Given information:
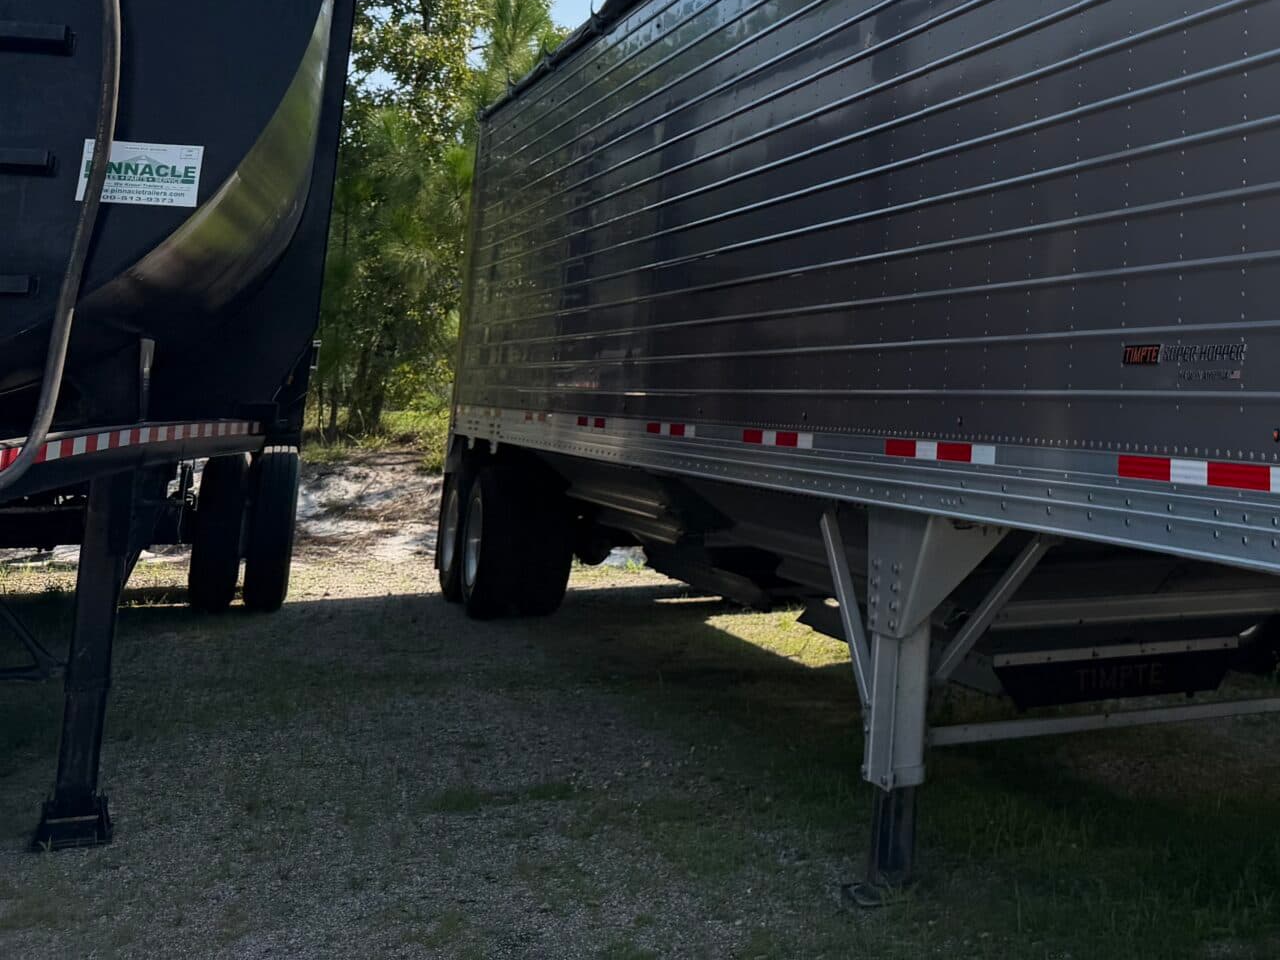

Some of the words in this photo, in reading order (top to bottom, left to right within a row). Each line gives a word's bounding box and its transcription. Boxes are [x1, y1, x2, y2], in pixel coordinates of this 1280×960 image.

[102, 194, 174, 203] 00-513-9373
[1125, 346, 1159, 362] TIMPTE
[1074, 663, 1164, 690] TIMPTE
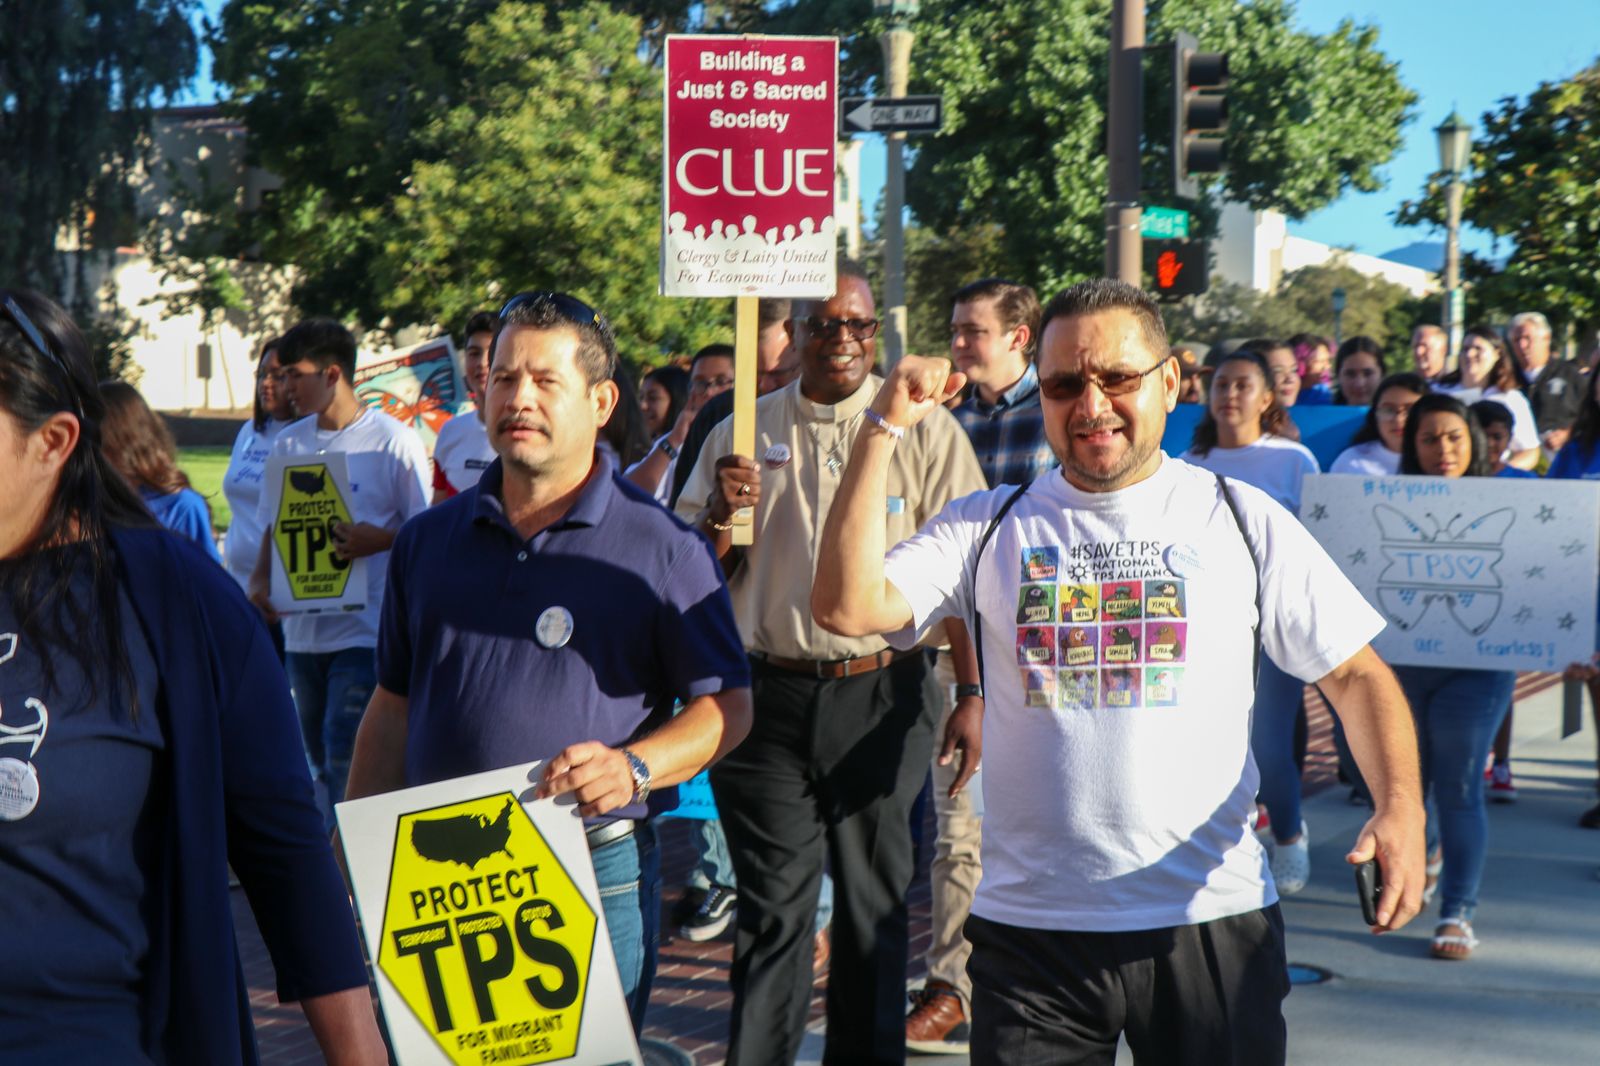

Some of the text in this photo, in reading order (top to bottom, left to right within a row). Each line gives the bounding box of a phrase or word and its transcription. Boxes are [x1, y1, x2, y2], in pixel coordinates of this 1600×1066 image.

Your assignment:
Would you set down each line of the data exactly, with no images included?

Your solution:
Some of the words in this photo, in reading order (top to bottom, left to right within a row). Each line gives a word's bounding box and its transcription. Boxes are [x1, y1, x2, y2], in pixel coordinates of this 1280×960 image.

[102, 194, 174, 203] 00-513-9373
[1125, 346, 1159, 362] TIMPTE
[1074, 663, 1164, 690] TIMPTE

Some of the text in this photo, in reading order (top to bottom, left to right within a row). Each line gives the bounding box of a phrase or word and its transcription. Boxes are [x1, y1, x2, y2], in pixel coordinates of this 1600×1066 image.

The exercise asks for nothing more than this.